Conditional ablation of H-2Kb and H-2Db on discrete APC subsets modulate outcomes in experimental cerebral malaria

Abstract

Abstract Cerebral malaria (CM) is a severe complication arising from Plasmodium falciparum infection which results in high mortality. Lack of mechanistic insight into this pathology has resulted in ineffective therapeutic strategies. Using the Plasmodium berghei ANKA model of experimental cerebral malaria (ECM) our lab recapitulated hallmarks of human CM using small animal imaging, including blood-brain barrier (BBB) permeability, severe edema and microhemorrhage visible via T1 and T2-weighted MRI. Previously it had been demonstrated that infiltration of CD8 T cells with cytotoxic capacity is required to induce BBB permeability and ECM. The observation that not only infiltration, but cytotoxic killing is required provoked us to analyze differential MHC class I-restricted priming among discrete antigen presenting cell (APC) types.
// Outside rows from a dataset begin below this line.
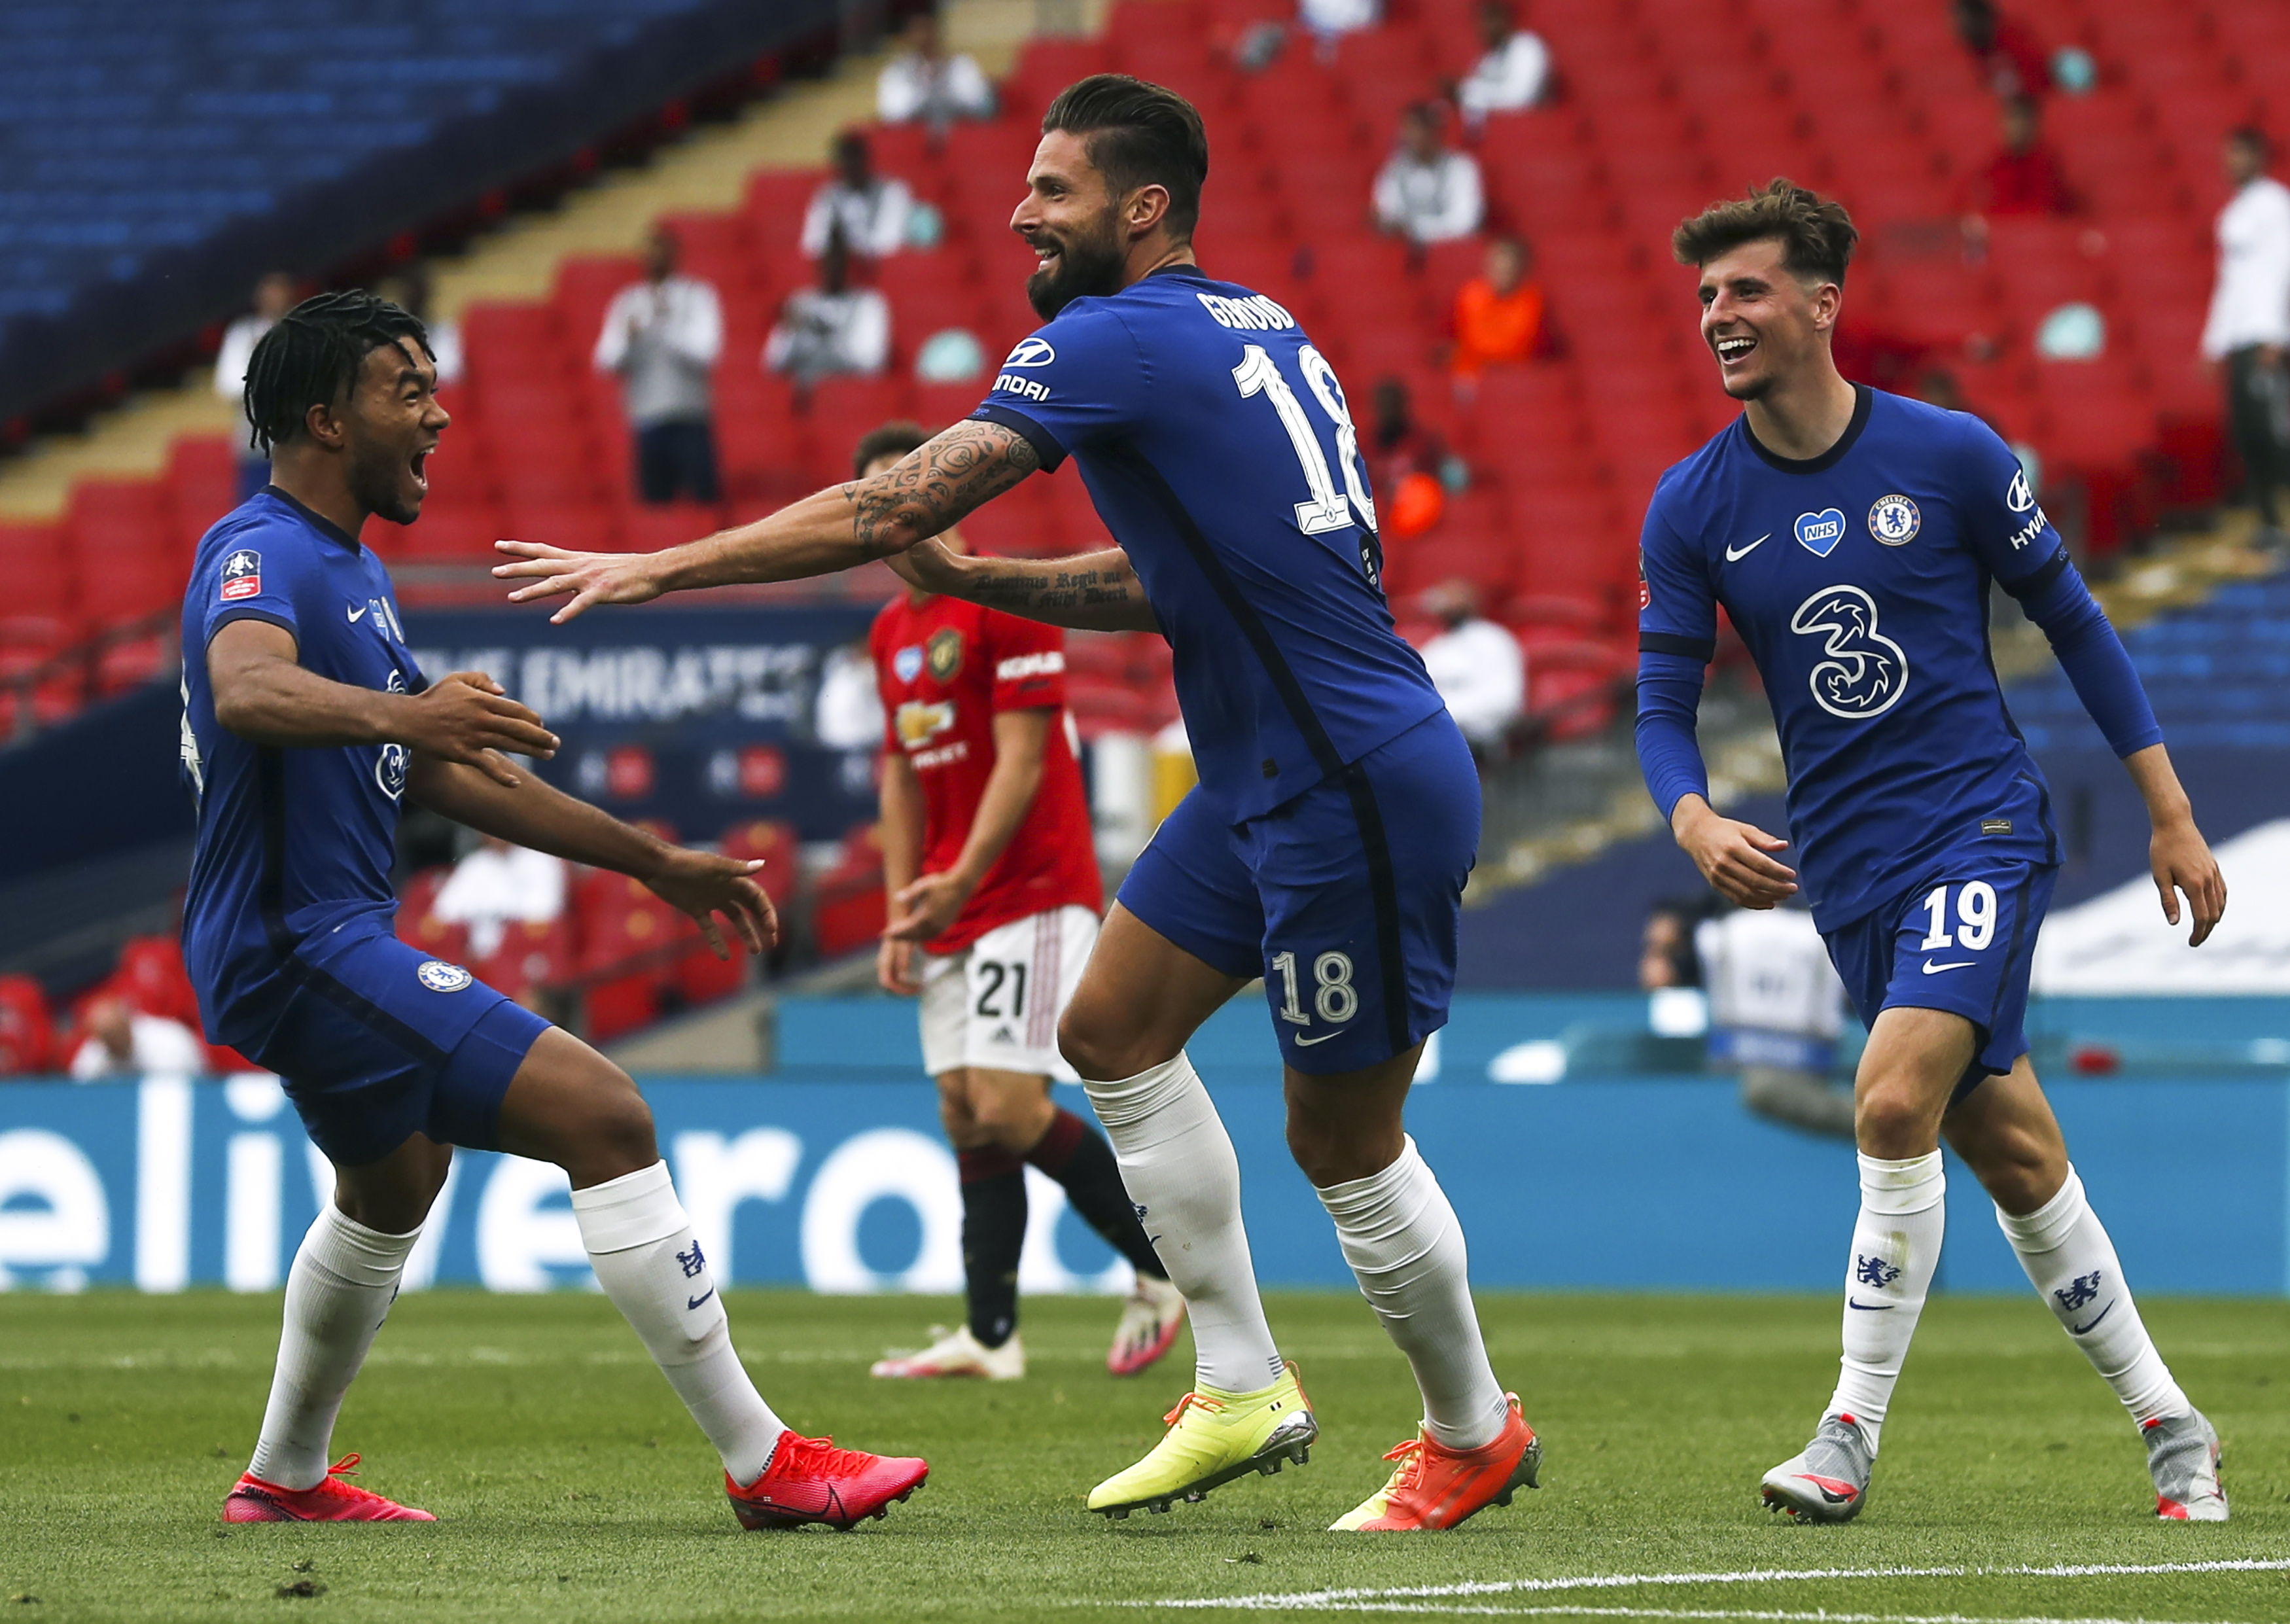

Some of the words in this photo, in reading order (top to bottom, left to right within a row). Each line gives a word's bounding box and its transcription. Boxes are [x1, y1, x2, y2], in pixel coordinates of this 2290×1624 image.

[1196, 292, 1295, 331] GIROUD
[1875, 496, 1908, 510] CHELSEA
[1806, 523, 1835, 540] NHS
[1919, 879, 1998, 952] 19
[975, 961, 1027, 1018] 21
[1271, 950, 1360, 1026] 18
Using new MHC class I conditional knockout mice generated by our team, we addressed CD8 T cell priming and capacity to disrupt the BBB in ECM. Our findings revealed that mice lacking the H-2Kb MHC class I molecule expression in CD11c+ cells, but not LysM+ cells, were protected from the development of lethal ECM. Subsequently, conditional ablation of the H-2Db on these same subsets yielded similar results. Therefore, we demonstrate that both Db and Kb class I molecule expression by CD11c+ cells enable CD8 T cell priming that results in BBB permeability during ECM. In contrast, CD8 T cells primed by H-2Kb or H-2Db expressing LysM+ APCs are not capable of inducing BBB disruption. These results imply discrete APC subsets prime functionally distinct CD8 T cell responses in the CNS and modulate the outcome of cerebral malaria. This work begins to bridge the mechanistic gap and will impact future therapeutic strategies.